**Task directions**
Please return each entry that follows exactly as written, and keep the pictures out.
Start of Data to process
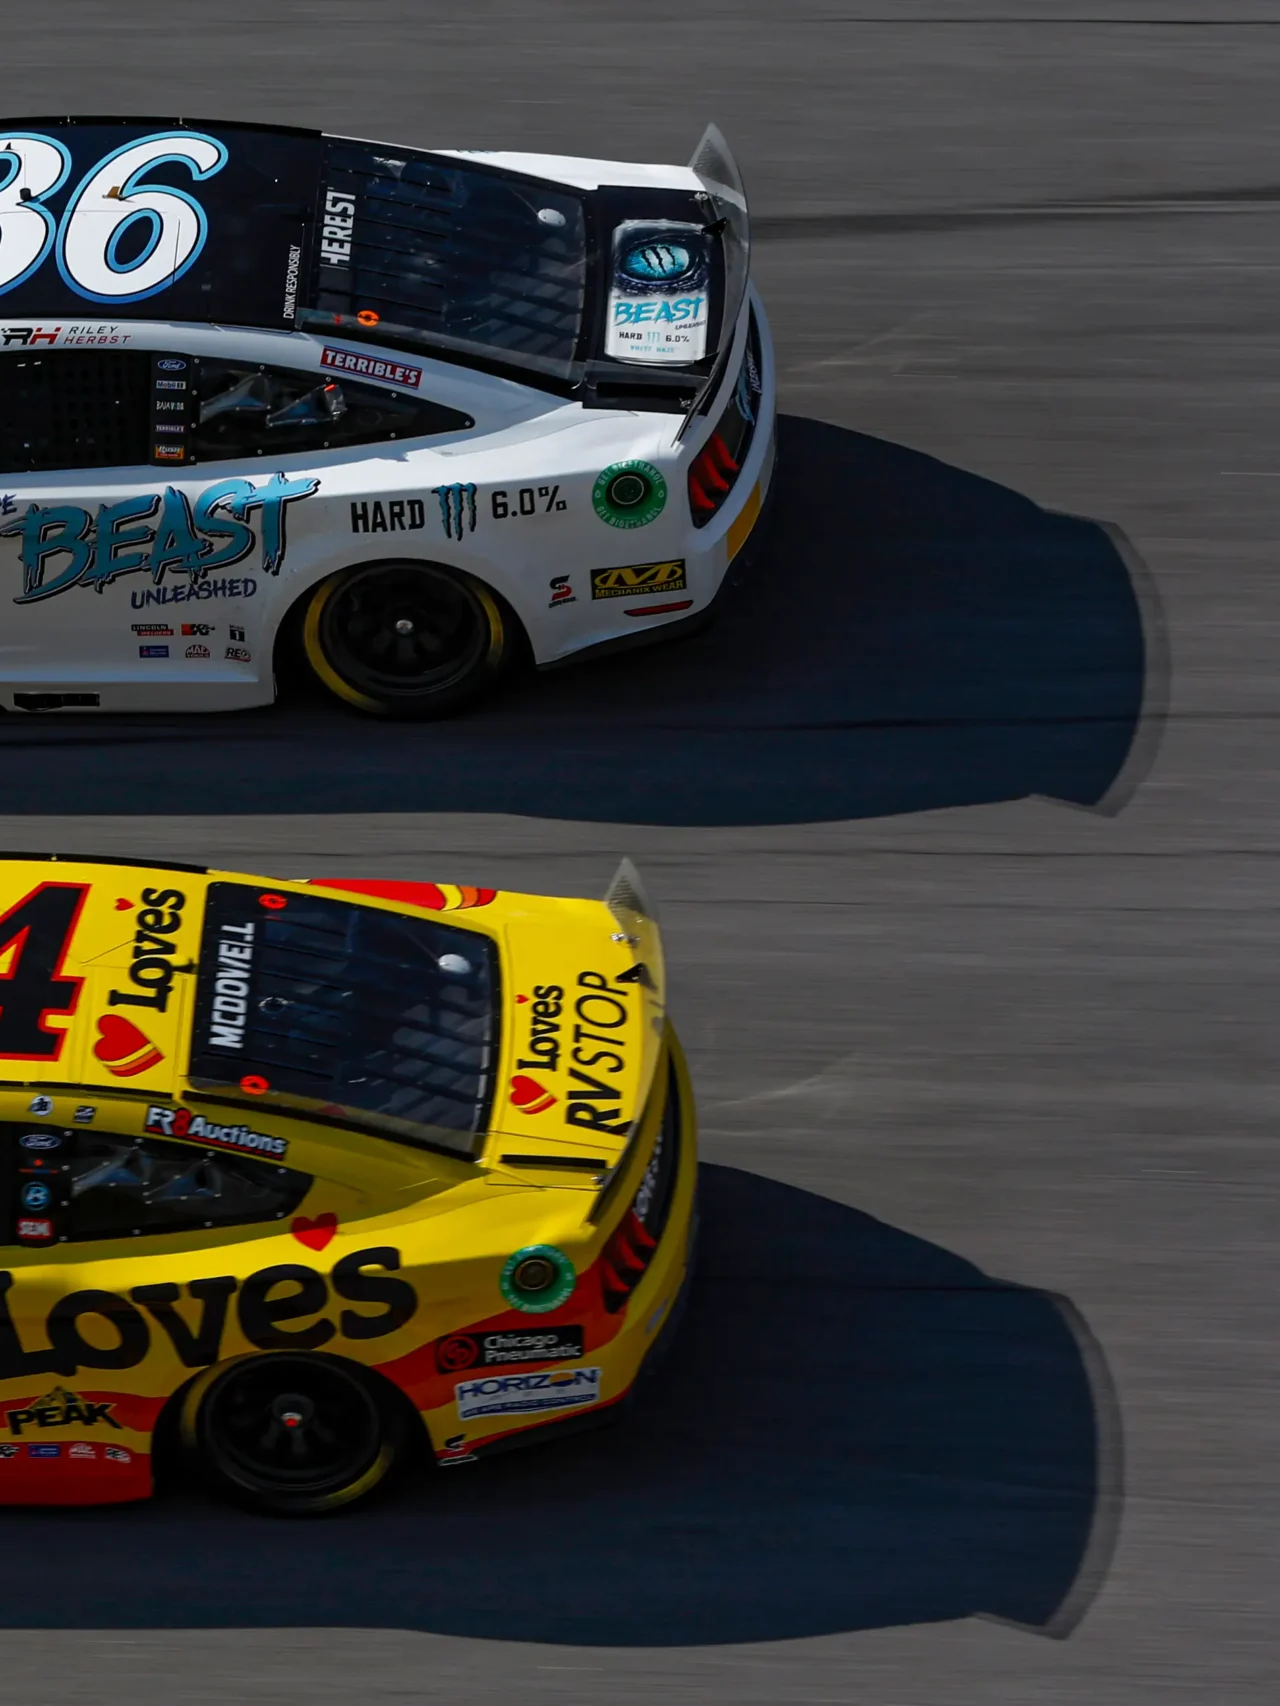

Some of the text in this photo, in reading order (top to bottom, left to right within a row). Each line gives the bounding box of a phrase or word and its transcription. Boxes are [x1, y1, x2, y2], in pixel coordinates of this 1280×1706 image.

[283, 245, 301, 319] DRINK RESPONSIBLY
[614, 297, 704, 326] BEAST
[63, 335, 132, 345] HERBST
[68, 325, 119, 335] RILEY
[619, 331, 690, 343] HARD 6.0%
[160, 360, 183, 370] Ford
[326, 350, 419, 385] TERRIBLE'S
[350, 485, 567, 533] HARD 6.0%
[130, 578, 257, 610] UNLEASHED
[595, 579, 684, 598] MECHANIX WEAR
[208, 922, 255, 1049] MCDOWELL
[484, 1333, 559, 1349] Chicago
[484, 1344, 582, 1363] Pneumatic
[7, 1402, 123, 1435] PEAK
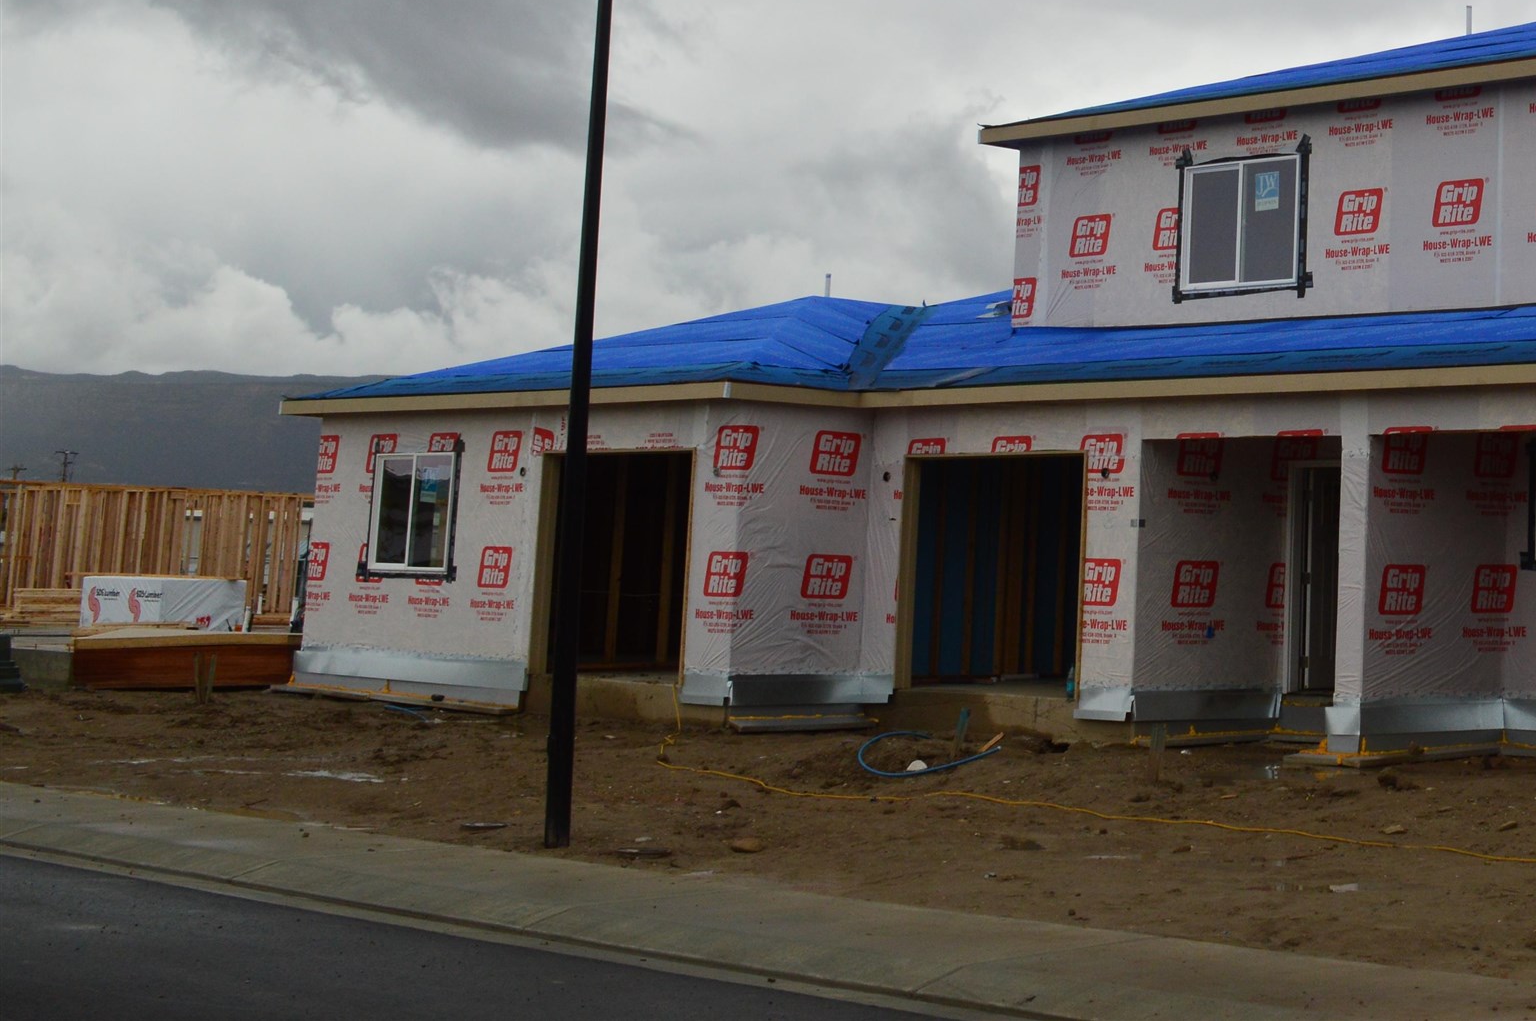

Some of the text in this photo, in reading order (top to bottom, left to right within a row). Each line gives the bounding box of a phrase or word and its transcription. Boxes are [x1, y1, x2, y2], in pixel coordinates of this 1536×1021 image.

[1427, 108, 1494, 125] House-Wrap-LWE
[1329, 119, 1393, 136] House-Wrap-LWE
[1236, 131, 1298, 147] House-Wrap-LWE
[1066, 150, 1122, 165] House-Wrap-LWE
[1441, 183, 1477, 203] Grip
[1342, 193, 1377, 212] Grip
[1340, 214, 1373, 232] Rite
[1439, 206, 1473, 223] Rite
[1076, 219, 1105, 237] Grip
[1075, 234, 1103, 253] Rite
[1325, 244, 1390, 259] House-Wrap-LWE
[1423, 236, 1491, 251] House-Wrap-LWE
[1062, 265, 1116, 279] House-Wrap-LWE
[494, 434, 521, 453] Grip
[721, 429, 753, 449] Grip
[819, 434, 855, 456] Grip
[1085, 438, 1117, 457] Grip
[492, 453, 514, 469] Rite
[718, 449, 748, 467] Rite
[816, 454, 851, 473] Rite
[480, 483, 524, 493] House-Wrap-LWE
[705, 482, 764, 494] House-Wrap-LWE
[800, 485, 866, 500] House-Wrap-LWE
[1374, 486, 1434, 500] House-Wrap-LWE
[483, 550, 507, 568] Grip
[711, 555, 741, 575] Grip
[810, 558, 846, 578] Grip
[1181, 565, 1213, 585] Grip
[482, 569, 504, 585] Rite
[708, 576, 737, 594] Rite
[1387, 569, 1420, 590] Grip
[1479, 569, 1510, 590] Grip
[807, 579, 841, 596] Rite
[1178, 585, 1209, 604] Rite
[349, 593, 389, 603] House-Wrap-LWE
[408, 596, 450, 607] House-Wrap-LWE
[470, 599, 514, 609] House-Wrap-LWE
[1385, 591, 1416, 611] Rite
[1477, 591, 1507, 609] Rite
[695, 609, 754, 620] House-Wrap-LWE
[791, 611, 857, 622] House-Wrap-LWE
[1369, 628, 1432, 639] House-Wrap-LWE
[1463, 626, 1526, 637] House-Wrap-LWE
End of Data to process
**Response to the exercise**
Some of the text in this photo, in reading order (top to bottom, left to right within a row). Each line gives the bounding box of a phrase or word and its transcription. Boxes are [x1, y1, x2, y2], in pixel coordinates of this 1280×1706 image.

[283, 245, 301, 319] DRINK RESPONSIBLY
[614, 297, 704, 326] BEAST
[63, 335, 132, 345] HERBST
[68, 325, 119, 335] RILEY
[619, 331, 690, 343] HARD 6.0%
[160, 360, 183, 370] Ford
[326, 350, 419, 385] TERRIBLE'S
[350, 485, 567, 533] HARD 6.0%
[130, 578, 257, 610] UNLEASHED
[595, 579, 684, 598] MECHANIX WEAR
[208, 922, 255, 1049] MCDOWELL
[484, 1333, 559, 1349] Chicago
[484, 1344, 582, 1363] Pneumatic
[7, 1402, 123, 1435] PEAK

Some of the text in this photo, in reading order (top to bottom, left to right within a row). Each line gives the bounding box of a phrase or word and its transcription. Boxes are [x1, y1, x2, y2], in pixel coordinates of this 1536×1021 image.

[1427, 108, 1494, 125] House-Wrap-LWE
[1329, 119, 1393, 136] House-Wrap-LWE
[1236, 131, 1298, 147] House-Wrap-LWE
[1066, 150, 1122, 165] House-Wrap-LWE
[1441, 183, 1477, 203] Grip
[1342, 193, 1377, 212] Grip
[1340, 214, 1373, 232] Rite
[1439, 206, 1473, 223] Rite
[1076, 219, 1105, 237] Grip
[1075, 234, 1103, 253] Rite
[1325, 244, 1390, 259] House-Wrap-LWE
[1423, 236, 1491, 251] House-Wrap-LWE
[1062, 265, 1116, 279] House-Wrap-LWE
[494, 434, 521, 453] Grip
[721, 429, 753, 449] Grip
[819, 434, 855, 456] Grip
[1085, 438, 1117, 457] Grip
[492, 453, 514, 469] Rite
[718, 449, 748, 467] Rite
[816, 454, 851, 473] Rite
[480, 483, 524, 493] House-Wrap-LWE
[705, 482, 764, 494] House-Wrap-LWE
[800, 485, 866, 500] House-Wrap-LWE
[1374, 486, 1434, 500] House-Wrap-LWE
[483, 550, 507, 568] Grip
[711, 555, 741, 575] Grip
[810, 558, 846, 578] Grip
[1181, 565, 1213, 585] Grip
[482, 569, 504, 585] Rite
[708, 576, 737, 594] Rite
[1387, 569, 1420, 590] Grip
[1479, 569, 1510, 590] Grip
[807, 579, 841, 596] Rite
[1178, 585, 1209, 604] Rite
[349, 593, 389, 603] House-Wrap-LWE
[408, 596, 450, 607] House-Wrap-LWE
[470, 599, 514, 609] House-Wrap-LWE
[1385, 591, 1416, 611] Rite
[1477, 591, 1507, 609] Rite
[695, 609, 754, 620] House-Wrap-LWE
[791, 611, 857, 622] House-Wrap-LWE
[1369, 628, 1432, 639] House-Wrap-LWE
[1463, 626, 1526, 637] House-Wrap-LWE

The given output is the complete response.